A Medicare beneficiary who needs a medical item or service for which Medicare coverage is precluded under an NCD may challenge the NCD’s validity by filing a written complaint. 42 C.F.R. § 426.500(a). When it receives the complaint, the Board first determines whether it meets certain threshold regulatory requirements. See id. § 426.510(b). If the complaint is “acceptable,” the Board directs CMS to provide the complainant (or “aggrieved party”) and the Board with the “NCD record.” Id. § 426.510(d)(3). The NCD record “consists of any document or material that CMS considered during the development of the NCD” including “medical evidence considered on or before the date the NCD was issued . . . .” Id. § 426.518(a).
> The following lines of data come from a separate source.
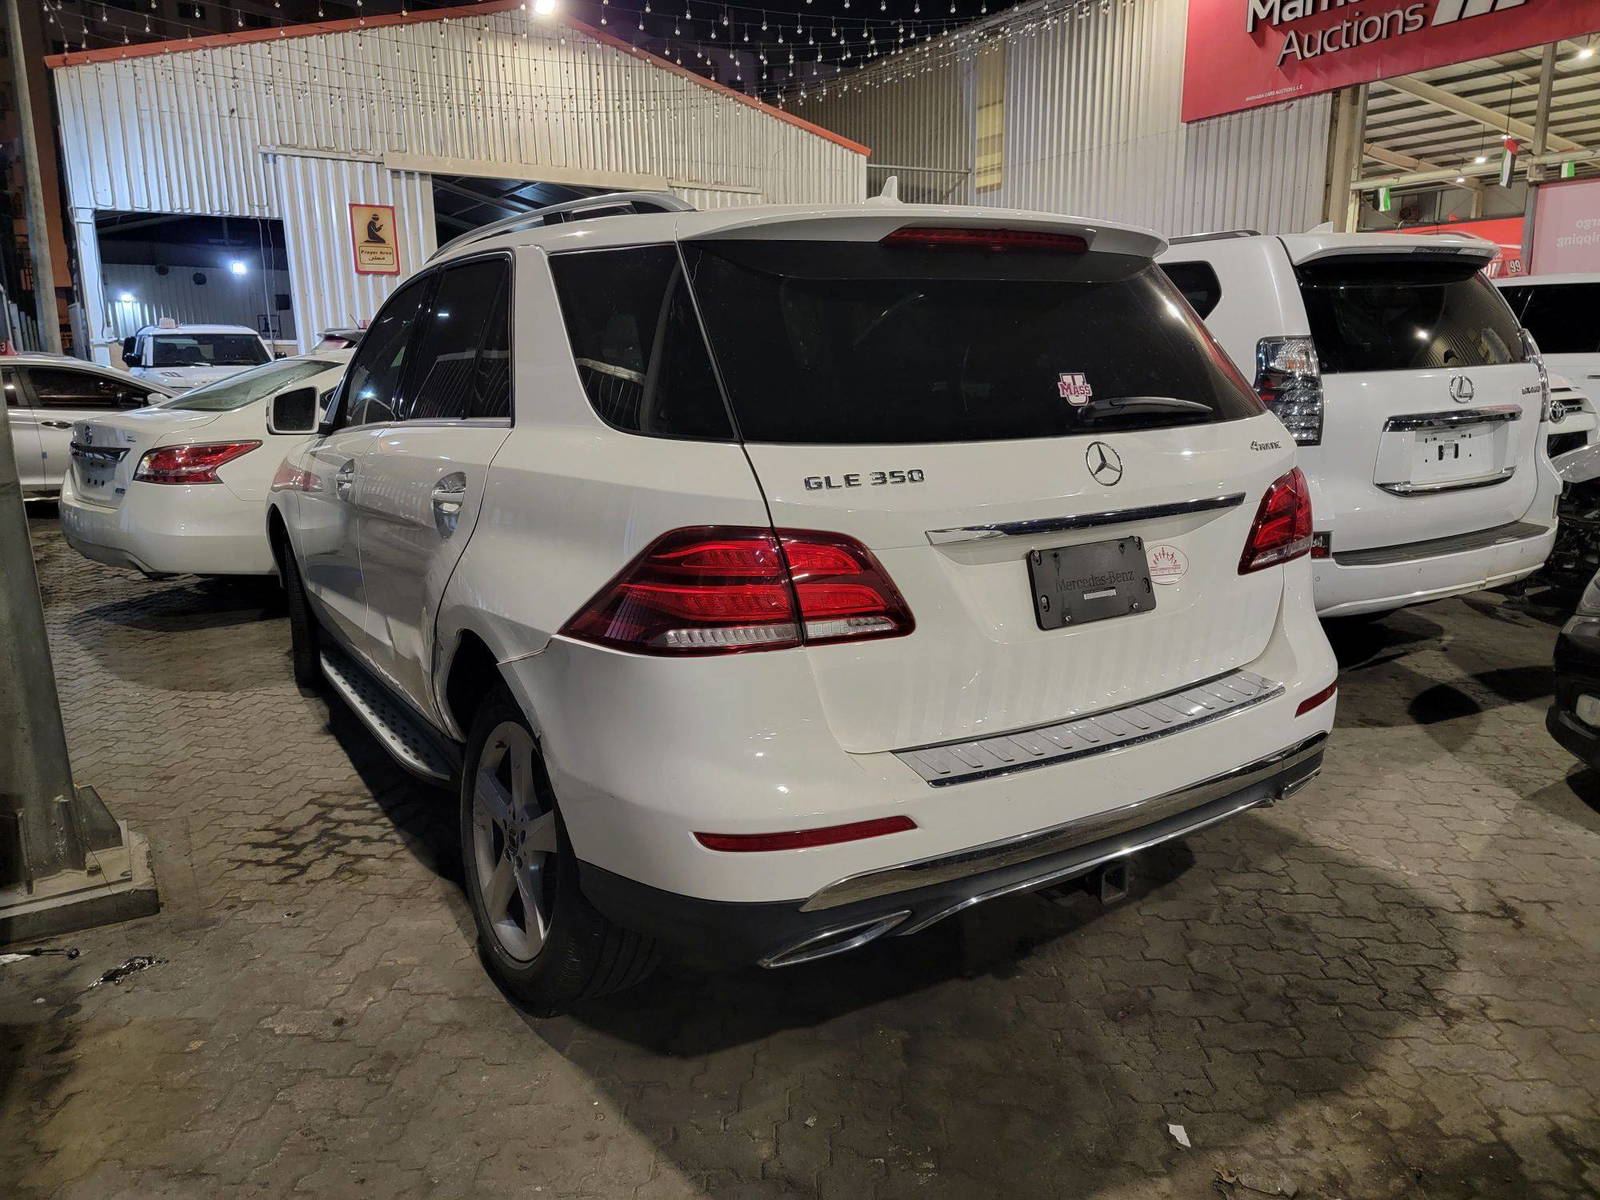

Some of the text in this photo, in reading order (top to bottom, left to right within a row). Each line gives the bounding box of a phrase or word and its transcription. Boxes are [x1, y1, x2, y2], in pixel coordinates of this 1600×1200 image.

[1276, 3, 1424, 66] Auctions
[1510, 260, 1521, 273] 99
[804, 469, 925, 491] GLE 350
[1055, 570, 1135, 593] Mercedes-Benz
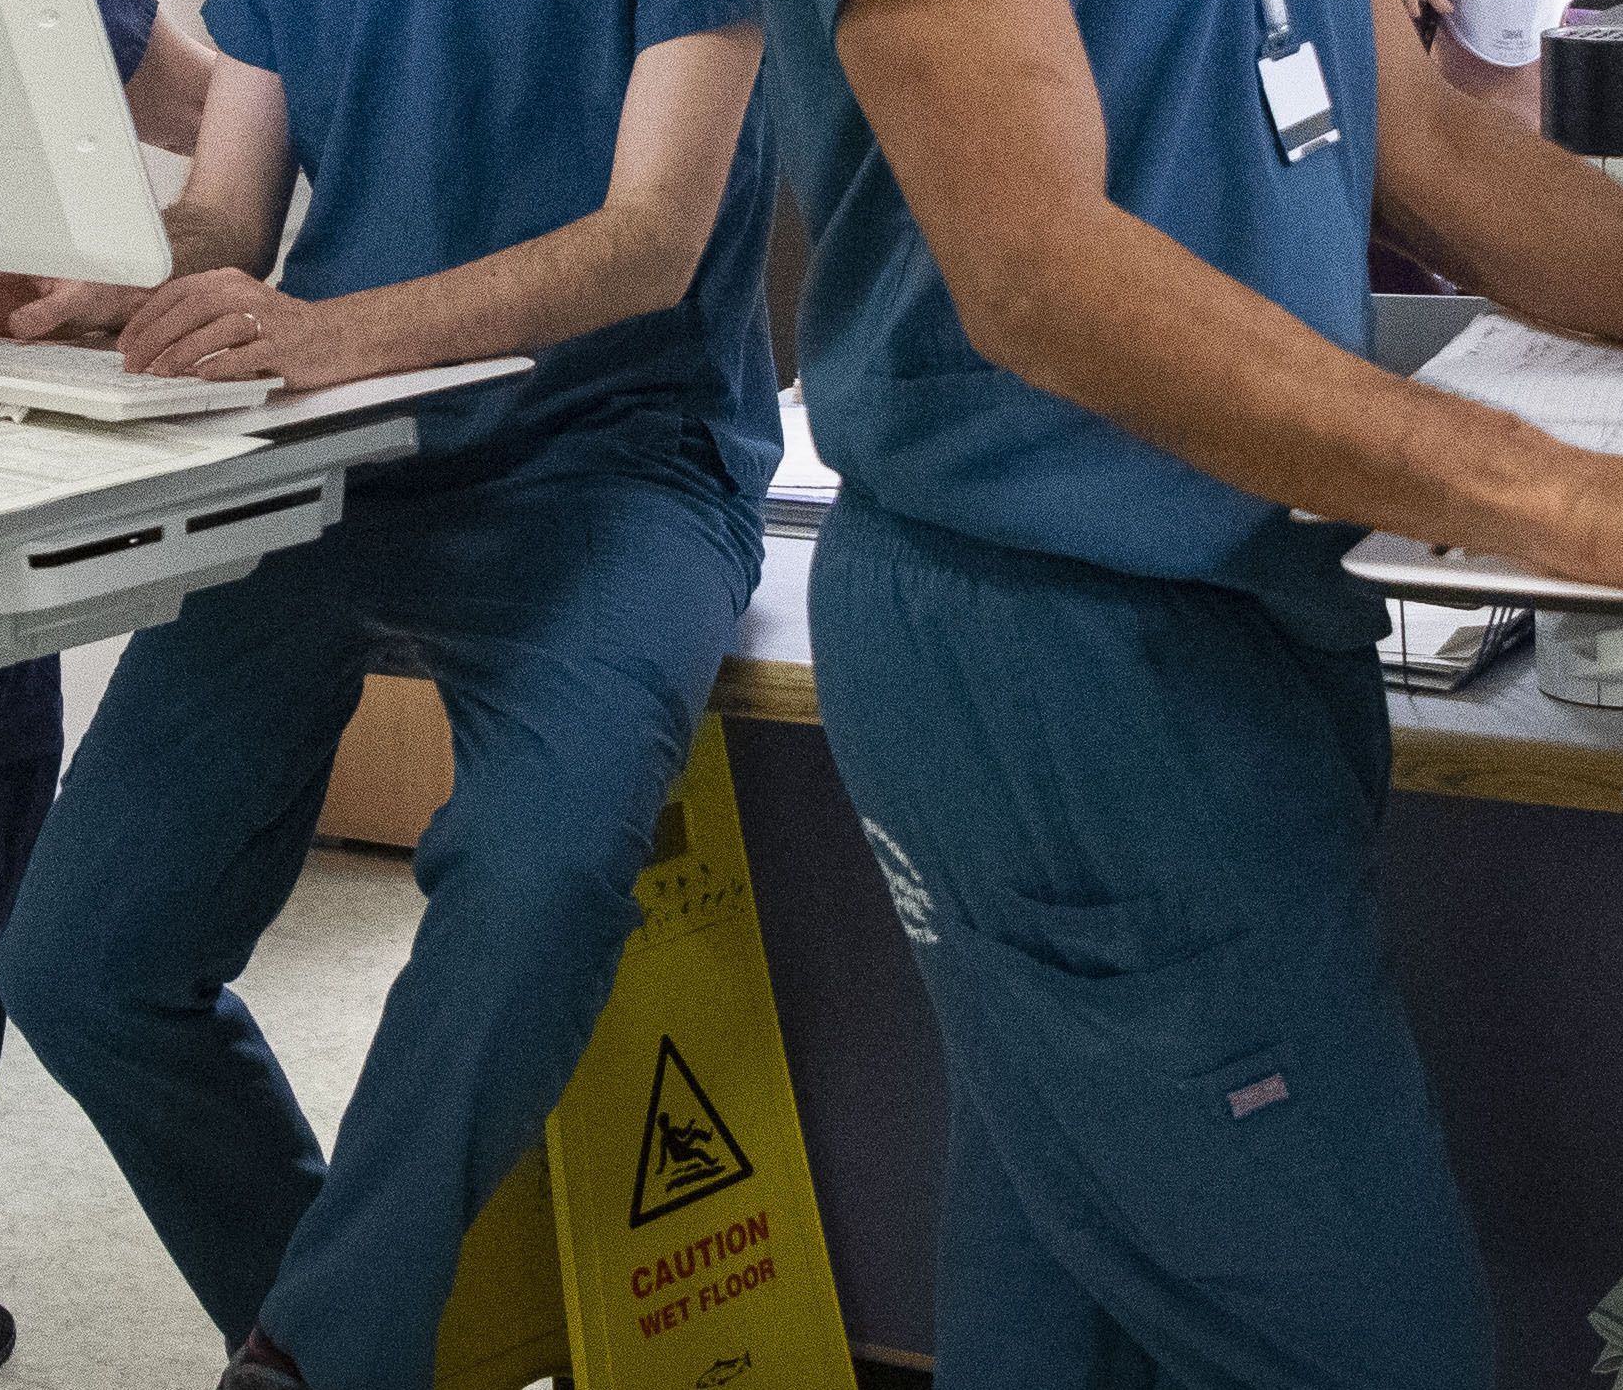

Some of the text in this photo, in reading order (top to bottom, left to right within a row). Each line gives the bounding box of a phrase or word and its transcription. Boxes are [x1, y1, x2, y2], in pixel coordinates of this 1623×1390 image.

After CMS produces the NCD record, the aggrieved party may submit a statement “explaining why the NCD record is not complete, or not adequate to support the validity of the [challenged] NCD under the reasonableness standard,” and, in turn, CMS may submit a response “in order to defend the NCD.” Id. § 426.525(a), (b).
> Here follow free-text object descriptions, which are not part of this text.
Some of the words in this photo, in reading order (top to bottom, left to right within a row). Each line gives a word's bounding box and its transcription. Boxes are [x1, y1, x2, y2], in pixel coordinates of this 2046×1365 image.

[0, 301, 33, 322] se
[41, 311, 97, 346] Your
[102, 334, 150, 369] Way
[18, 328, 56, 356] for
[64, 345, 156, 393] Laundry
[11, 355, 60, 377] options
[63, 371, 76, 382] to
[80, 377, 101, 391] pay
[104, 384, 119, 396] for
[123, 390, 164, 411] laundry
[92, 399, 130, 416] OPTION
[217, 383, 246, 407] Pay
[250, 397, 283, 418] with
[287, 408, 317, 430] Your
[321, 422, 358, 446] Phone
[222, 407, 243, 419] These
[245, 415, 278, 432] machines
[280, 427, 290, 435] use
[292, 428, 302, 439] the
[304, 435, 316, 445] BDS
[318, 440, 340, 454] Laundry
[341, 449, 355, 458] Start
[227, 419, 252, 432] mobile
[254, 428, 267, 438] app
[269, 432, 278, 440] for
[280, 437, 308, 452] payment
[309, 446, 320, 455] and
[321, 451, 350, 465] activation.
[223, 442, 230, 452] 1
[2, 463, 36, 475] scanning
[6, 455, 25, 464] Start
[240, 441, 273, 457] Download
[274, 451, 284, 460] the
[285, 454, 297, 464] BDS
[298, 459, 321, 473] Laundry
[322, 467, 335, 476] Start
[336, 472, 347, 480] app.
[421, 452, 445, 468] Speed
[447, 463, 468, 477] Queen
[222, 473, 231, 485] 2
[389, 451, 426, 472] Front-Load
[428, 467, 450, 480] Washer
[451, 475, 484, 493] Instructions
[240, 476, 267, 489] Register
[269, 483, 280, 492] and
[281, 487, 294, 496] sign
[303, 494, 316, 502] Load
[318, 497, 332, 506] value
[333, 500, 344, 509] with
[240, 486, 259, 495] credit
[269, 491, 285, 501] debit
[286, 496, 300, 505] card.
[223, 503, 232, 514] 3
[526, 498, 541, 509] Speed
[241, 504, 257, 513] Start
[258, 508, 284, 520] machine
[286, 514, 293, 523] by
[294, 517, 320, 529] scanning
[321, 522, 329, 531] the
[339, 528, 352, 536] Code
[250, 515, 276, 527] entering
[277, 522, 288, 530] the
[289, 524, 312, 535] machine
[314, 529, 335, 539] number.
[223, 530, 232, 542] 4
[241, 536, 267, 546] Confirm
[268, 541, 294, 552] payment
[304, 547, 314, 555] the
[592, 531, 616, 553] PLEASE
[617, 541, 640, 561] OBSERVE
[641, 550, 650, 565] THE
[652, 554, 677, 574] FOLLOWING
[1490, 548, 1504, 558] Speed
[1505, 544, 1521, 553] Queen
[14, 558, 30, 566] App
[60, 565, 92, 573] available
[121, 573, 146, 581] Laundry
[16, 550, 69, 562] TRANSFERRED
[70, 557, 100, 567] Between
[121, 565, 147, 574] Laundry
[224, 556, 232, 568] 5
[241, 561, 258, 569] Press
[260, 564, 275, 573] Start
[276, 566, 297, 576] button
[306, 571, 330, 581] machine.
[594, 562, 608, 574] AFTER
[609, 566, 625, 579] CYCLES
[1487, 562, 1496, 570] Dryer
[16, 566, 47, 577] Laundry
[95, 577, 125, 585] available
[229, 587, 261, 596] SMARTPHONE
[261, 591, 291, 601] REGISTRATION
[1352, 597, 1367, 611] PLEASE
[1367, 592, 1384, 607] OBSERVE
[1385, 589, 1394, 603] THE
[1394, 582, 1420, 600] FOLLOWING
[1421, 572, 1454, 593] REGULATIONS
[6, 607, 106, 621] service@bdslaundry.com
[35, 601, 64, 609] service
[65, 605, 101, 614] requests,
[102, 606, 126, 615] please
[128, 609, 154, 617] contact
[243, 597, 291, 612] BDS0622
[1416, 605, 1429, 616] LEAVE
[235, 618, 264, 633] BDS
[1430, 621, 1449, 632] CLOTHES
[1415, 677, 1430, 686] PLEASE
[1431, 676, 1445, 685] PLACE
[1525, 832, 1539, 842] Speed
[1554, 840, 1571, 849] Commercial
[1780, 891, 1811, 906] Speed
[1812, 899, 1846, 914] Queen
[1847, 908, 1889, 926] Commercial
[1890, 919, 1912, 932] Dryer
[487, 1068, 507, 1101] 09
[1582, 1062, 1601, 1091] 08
The Board then “applies the reasonableness standard to determine whether the NCD record is complete and adequate to support the validity of the NCD.” 42 C.F.R. § 426.525(c)(1). The Board’s role at this stage of the review process is “not to assess the ultimate validity of the NCD based on an evidentiary record but simply to determine whether the information CMS considered during the development of the NCD, including medical evidence considered on or before the date the NCD was issued, supports the validity of the NCD, in light of the material submitted by the aggrieved party.” NCD 140.3, Transsexual Surgery, NCD Ruling No. 2 (Dec. 2, 2013) (italics in original). If the Board determines that the NCD record is complete and adequate to support the validity of the NCD, the review process ends with the Board’s “[i]ssuance of a decision finding the record complete and adequate to support the validity of the NCD . . . .” 42 C.F.R. § 426.525(c)(2). “If the Board determines that the NCD record is not complete and adequate to support the validity of the NCD, the Board permits discovery and the taking of evidence . . . and evaluate[s] the NCD in accordance with § 426.531” (a regulation that specifies what the Board must and may do in applying the reasonableness standard). Id. § 426.525(c)(3).
IV. CASE HISTORY
In accordance with the procedures in 42 C.F.R. Part 426, the Aggrieved Parties initiated this proceeding by filing a complaint. Attached to the complaint were numerous exhibits, including articles from peer-reviewed scientific and medical journals and other material whose publication or creation post-dates the issuance of NCD 160.18(C). The Aggrieved
Parties allege in the complaint that they suffer from TRD, that VNS is a reasonable and necessary treatment for that condition, and that NCD 160.18(C) is contrary to the “preponderance” of scientific and clinical evidence, the opinion of medical experts and practicing psychiatrists, and “Medicare policy concerning reasonableness and medical necessity.” Complaint ¶ 9. For these and other reasons, the Aggrieved Parties ask the Board to find that NCD 160.18(C) “should not be relied on to deny”: (1) “access to reasonable and necessary treatment related to VNS therapy for TRD”; (2) “access to physician services that allow effective use of a VNS device that was covered by Medicare when implanted”; and (3) “access to a replacement battery to enable effective use of the implanted VNS device.” Id. ¶¶ 97-99.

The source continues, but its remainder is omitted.